Saved entries:
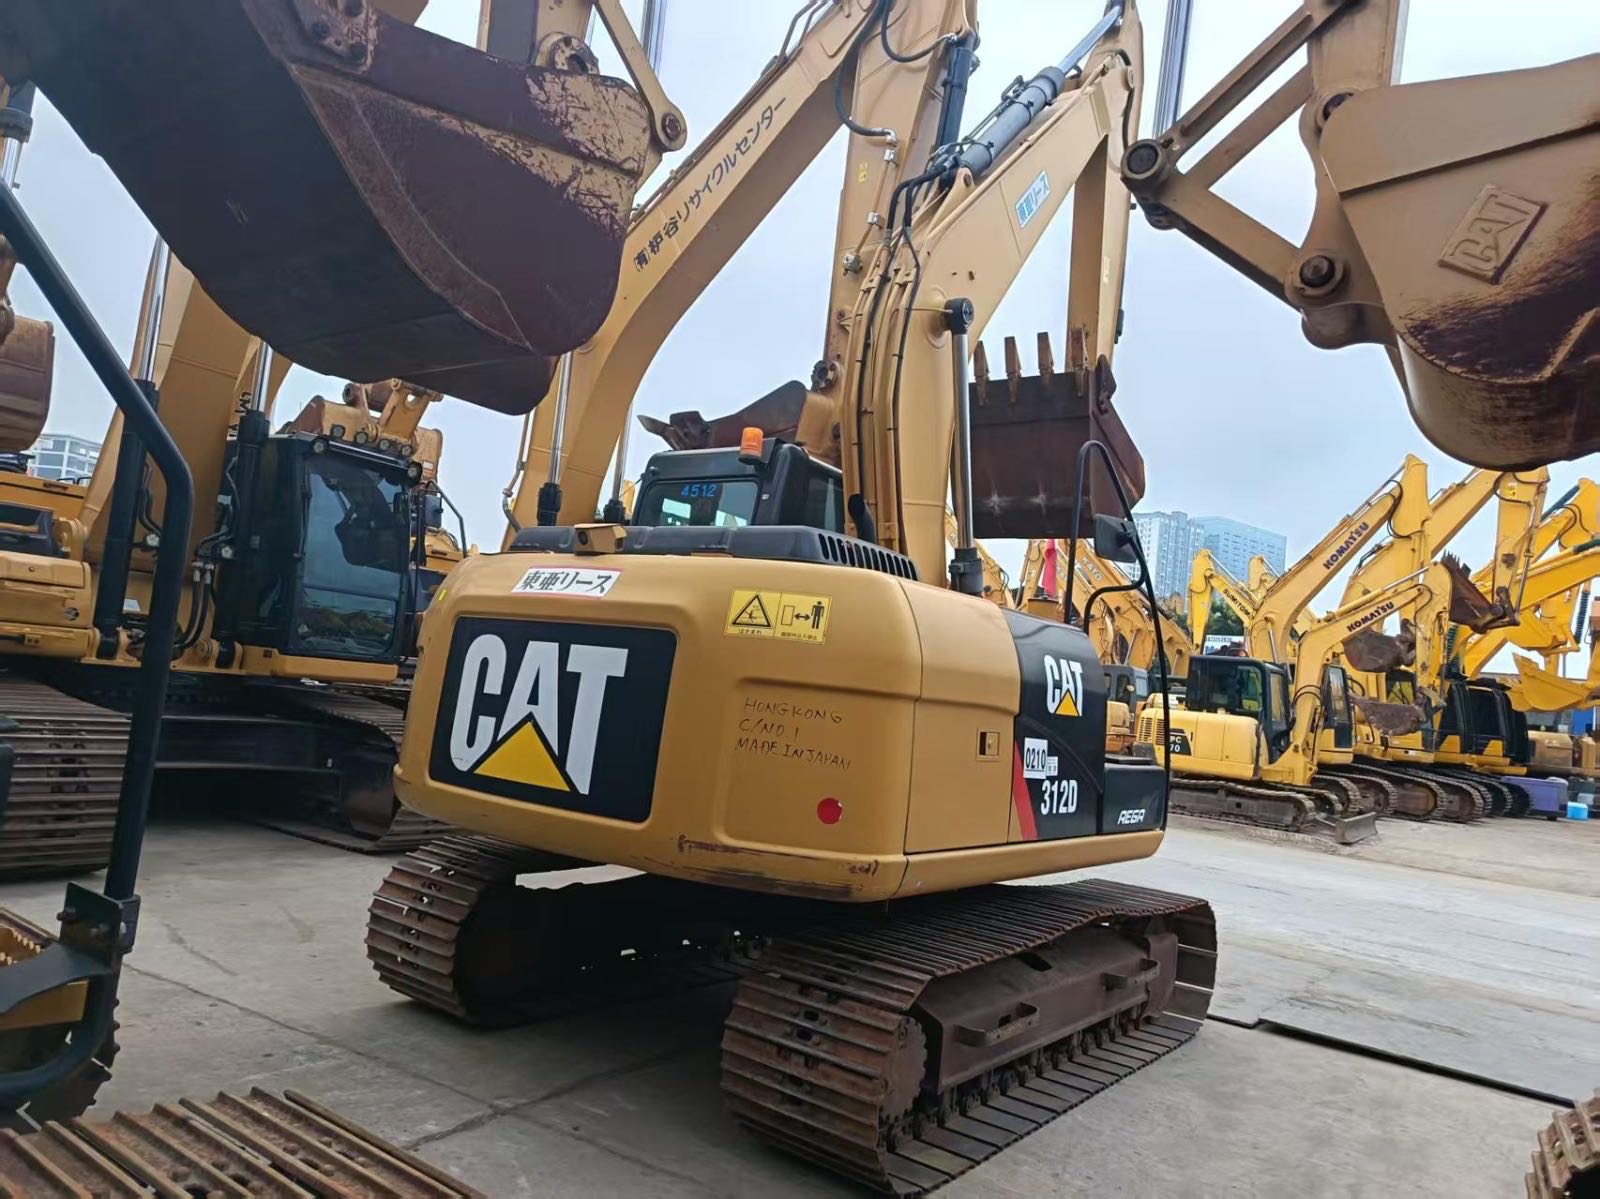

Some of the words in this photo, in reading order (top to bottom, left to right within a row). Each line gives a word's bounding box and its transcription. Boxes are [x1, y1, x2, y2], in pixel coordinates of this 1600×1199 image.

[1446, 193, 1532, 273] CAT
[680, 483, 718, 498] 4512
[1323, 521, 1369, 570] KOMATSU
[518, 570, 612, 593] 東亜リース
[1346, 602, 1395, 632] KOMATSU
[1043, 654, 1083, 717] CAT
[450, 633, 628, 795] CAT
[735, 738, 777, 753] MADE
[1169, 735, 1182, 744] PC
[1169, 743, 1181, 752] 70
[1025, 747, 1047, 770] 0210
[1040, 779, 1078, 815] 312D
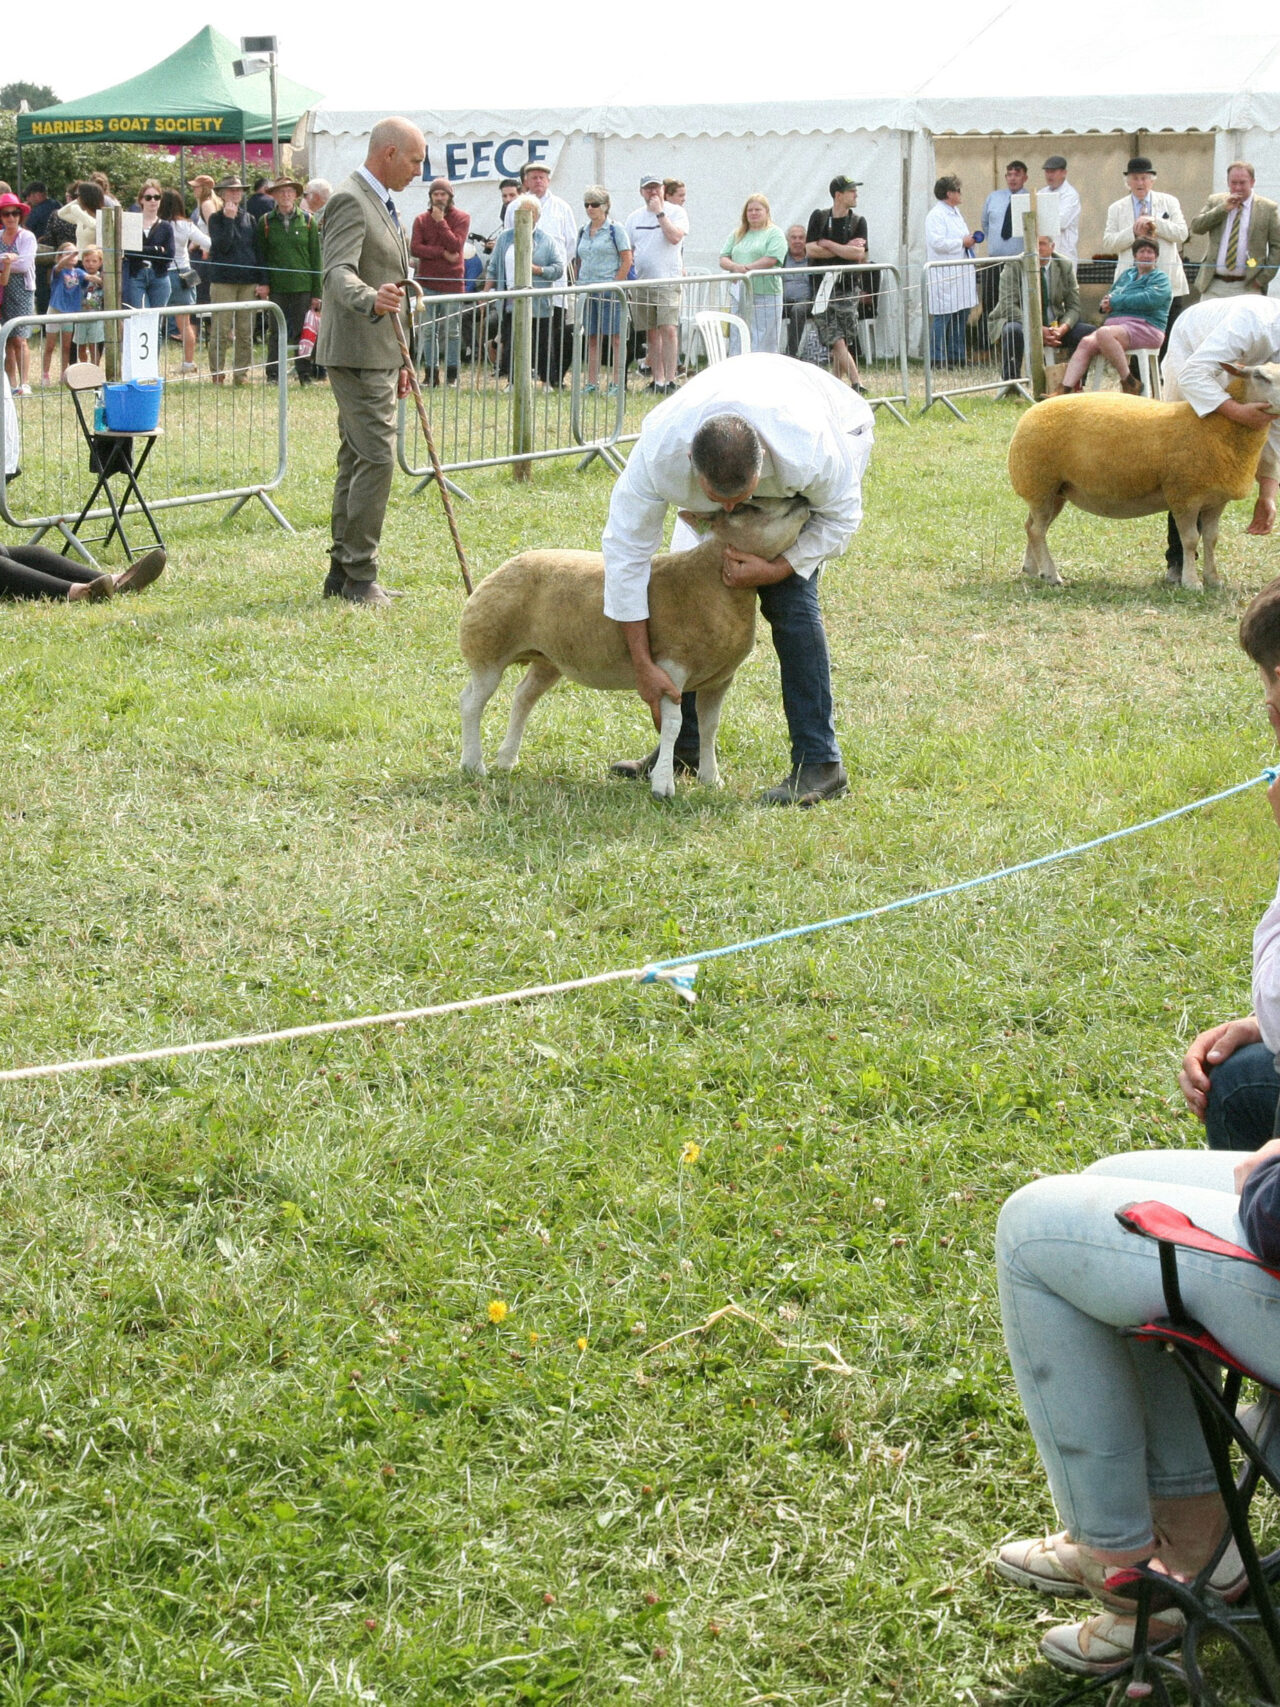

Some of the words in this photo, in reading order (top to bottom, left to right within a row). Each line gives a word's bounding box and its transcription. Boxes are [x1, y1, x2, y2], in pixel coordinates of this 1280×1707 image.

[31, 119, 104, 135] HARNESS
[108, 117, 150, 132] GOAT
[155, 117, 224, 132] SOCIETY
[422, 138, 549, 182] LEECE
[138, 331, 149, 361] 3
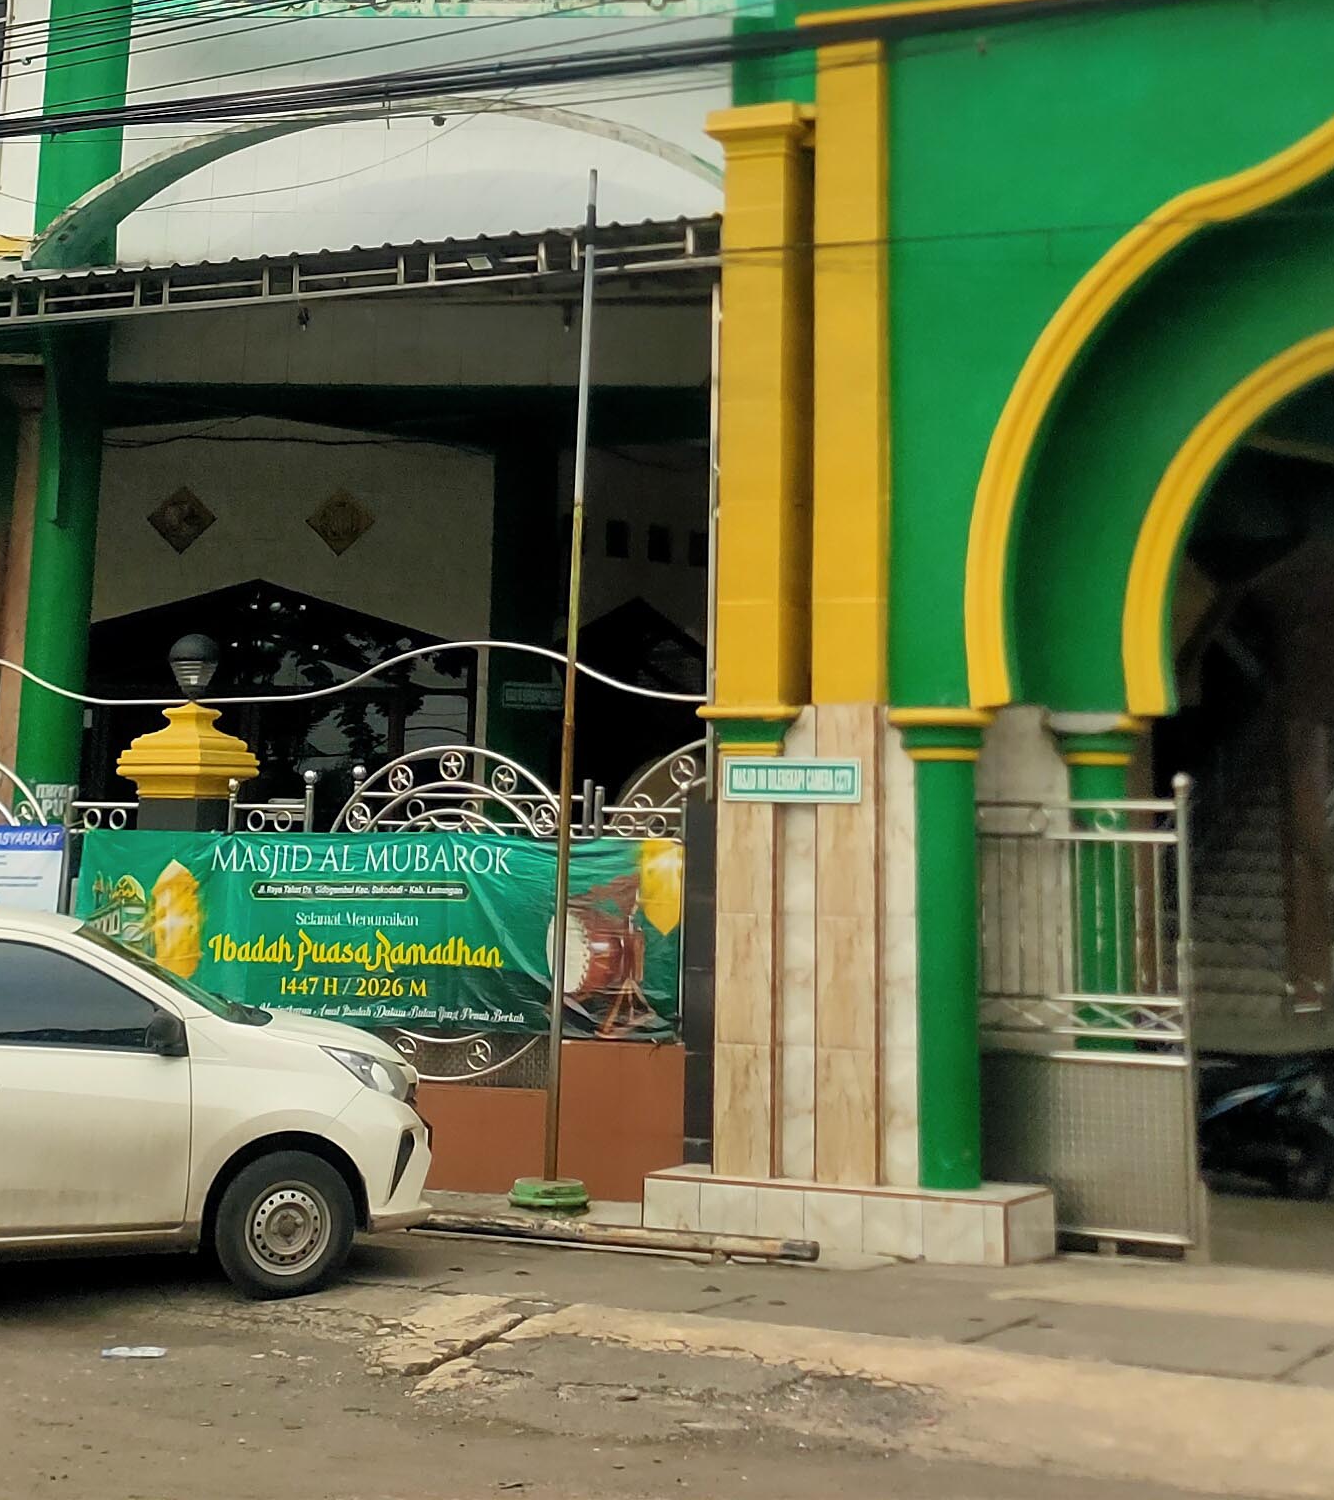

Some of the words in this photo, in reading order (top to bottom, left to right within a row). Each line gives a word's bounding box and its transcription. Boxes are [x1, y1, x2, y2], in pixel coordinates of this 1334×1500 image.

TASK OBJECTIVE: Omit the pictures and reproduce the records above exactly.

RESULT OF THE TASK:
Some of the words in this photo, in reading order (top to bottom, left to right within a row). Each line gives a word's bounding box and its transcription. Boxes are [x1, y1, x2, y2], in pixel coordinates of this 1600×1199 image.

[1446, 193, 1532, 273] CAT
[680, 483, 718, 498] 4512
[1323, 521, 1369, 570] KOMATSU
[518, 570, 612, 593] 東亜リース
[1346, 602, 1395, 632] KOMATSU
[1043, 654, 1083, 717] CAT
[450, 633, 628, 795] CAT
[735, 738, 777, 753] MADE
[1169, 735, 1182, 744] PC
[1169, 743, 1181, 752] 70
[1025, 747, 1047, 770] 0210
[1040, 779, 1078, 815] 312D

Some of the words in this photo, in reading order (top to bottom, left to right within a row). Each line gives a word's bounding box and its transcription. Boxes are [x1, y1, x2, y2], in pixel coordinates of this 1280×1707 image.

[31, 119, 104, 135] HARNESS
[108, 117, 150, 132] GOAT
[155, 117, 224, 132] SOCIETY
[422, 138, 549, 182] LEECE
[138, 331, 149, 361] 3

Some of the words in this photo, in reading order (top to bottom, left to right within a row). Each line gives a word's bounding box and its transcription. Boxes are [x1, y1, x2, y2], in pixel coordinates of this 1334×1500 image.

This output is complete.